Когда впервые увидел я Белуху во всем ее вольном, мощном и суровом лепии, я испытал только растерянность, больше ничего. Я все видел, это была редкая удача, когда Белуха открылась с именинным выходом, — и не мог назвать, что я видел. Ни слов не хватало, ни чувств, ни движений души — все спятилось и замерло безголосо перед этой властительной осиянностью, возвышенной в такой крепости и цельности, что из нее невозможно было соскрести ни одного камешка или взблеска, которые удалось бы обозначить словом. Не от подобной ли растерянности, испытываемой не раз и не два, и сложилось у алтайцев поверье, что на Белуху смотреть нельзя.
В тот же день в краеведческом музее в селе Верх-Уймон я прочитал слова художника Е. Мейера, бывшего спутником П. Чихачева в его экспедиции по Горному Алтаю в 1842 году, и почувствовал некоторое самолюбивое облегчение оттого, что и тогда, полтораста лет назад, когда человек был намного родней природе, им владело то же бессилие перед ее изображением.
«С трудом переводя дух, взобрался я на вершину и задрожал от восторга… — пишет Мейер. — Вдали, подобно океану, оледеневшему в буре, блистали вечные льды, меж которых, теряясь в светлом голубоватом тоне неба, зубчатым великаном поднимались Катунские столбы.
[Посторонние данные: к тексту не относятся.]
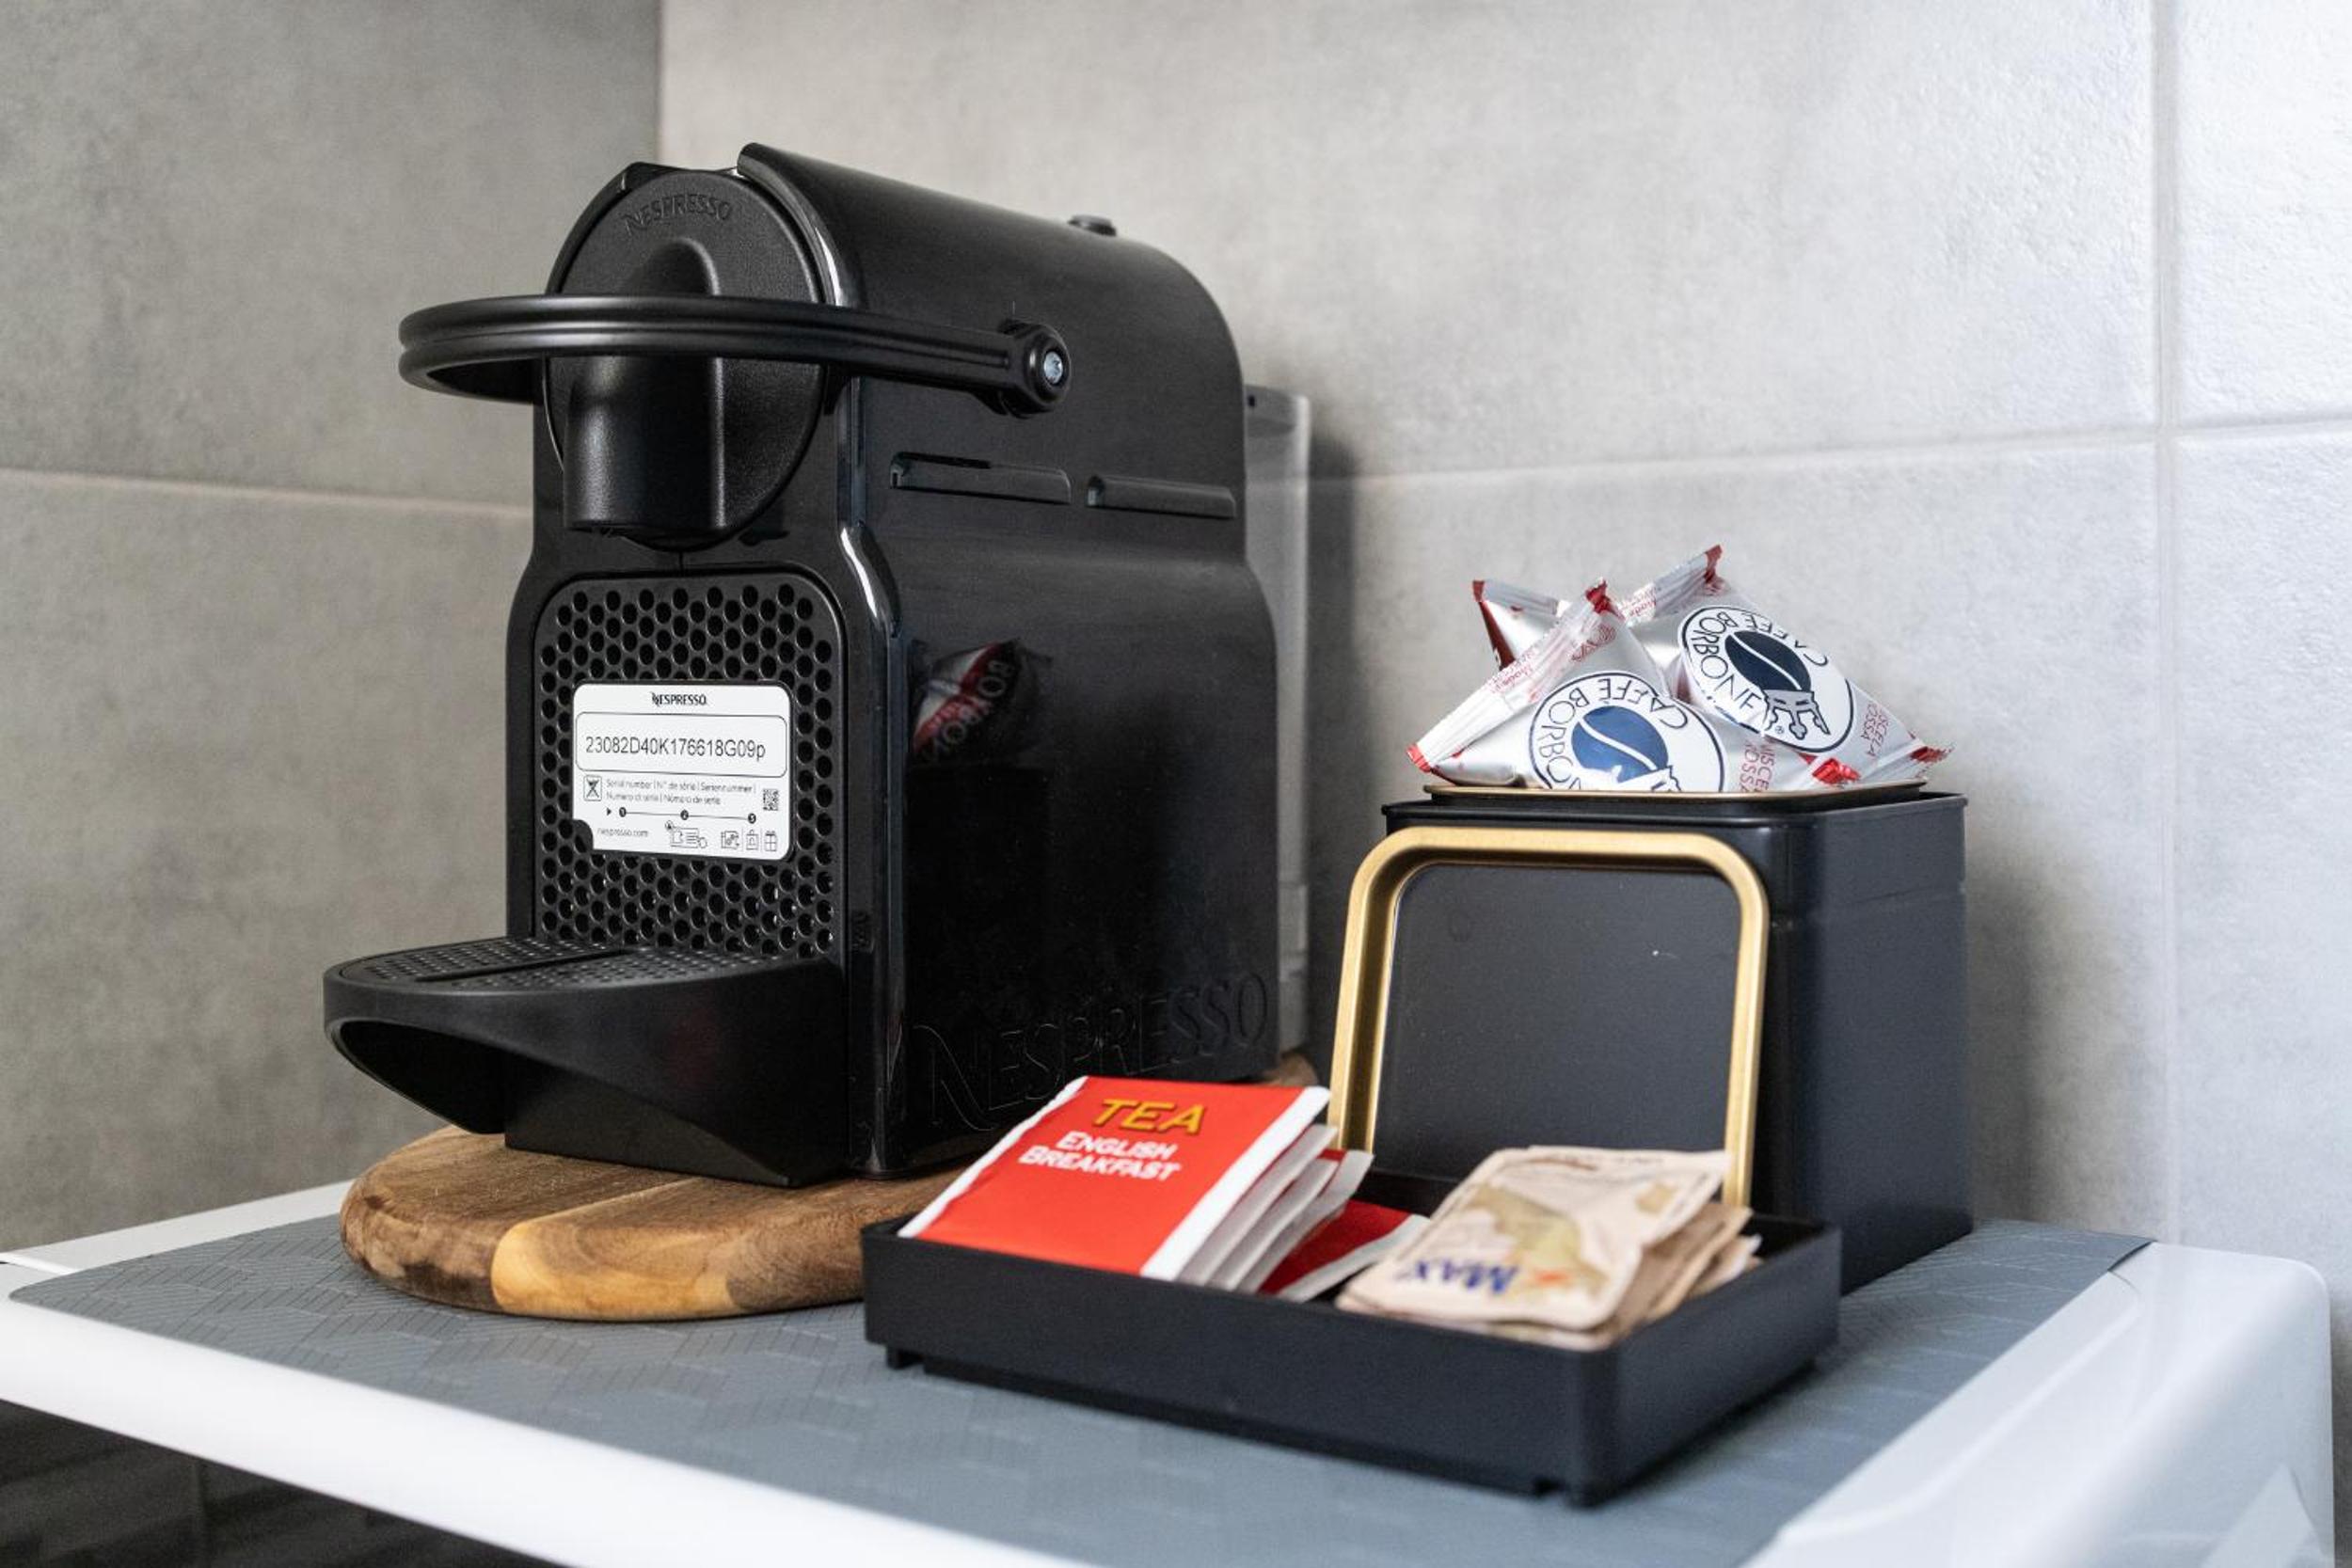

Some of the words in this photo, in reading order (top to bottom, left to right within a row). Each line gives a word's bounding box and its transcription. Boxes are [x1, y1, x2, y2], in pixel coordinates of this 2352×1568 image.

В ущельях змеями вились туманы. Но где слова, где краски, чтобы передать эту картину?! Напрасно ломаешь голову, напрасно ищешь в красках тоны!.. Я посмотрел на все, потом на самого себя — что же я? Невидная песчинка в этом огромном лабиринте!.. Я схватил альбом, но рука дрожала: мне казалось, что я вижу живого Бога, со всею его силой, красотою, и мне стало стыдно, что я, бедный смертный, мечтал передать его образ!»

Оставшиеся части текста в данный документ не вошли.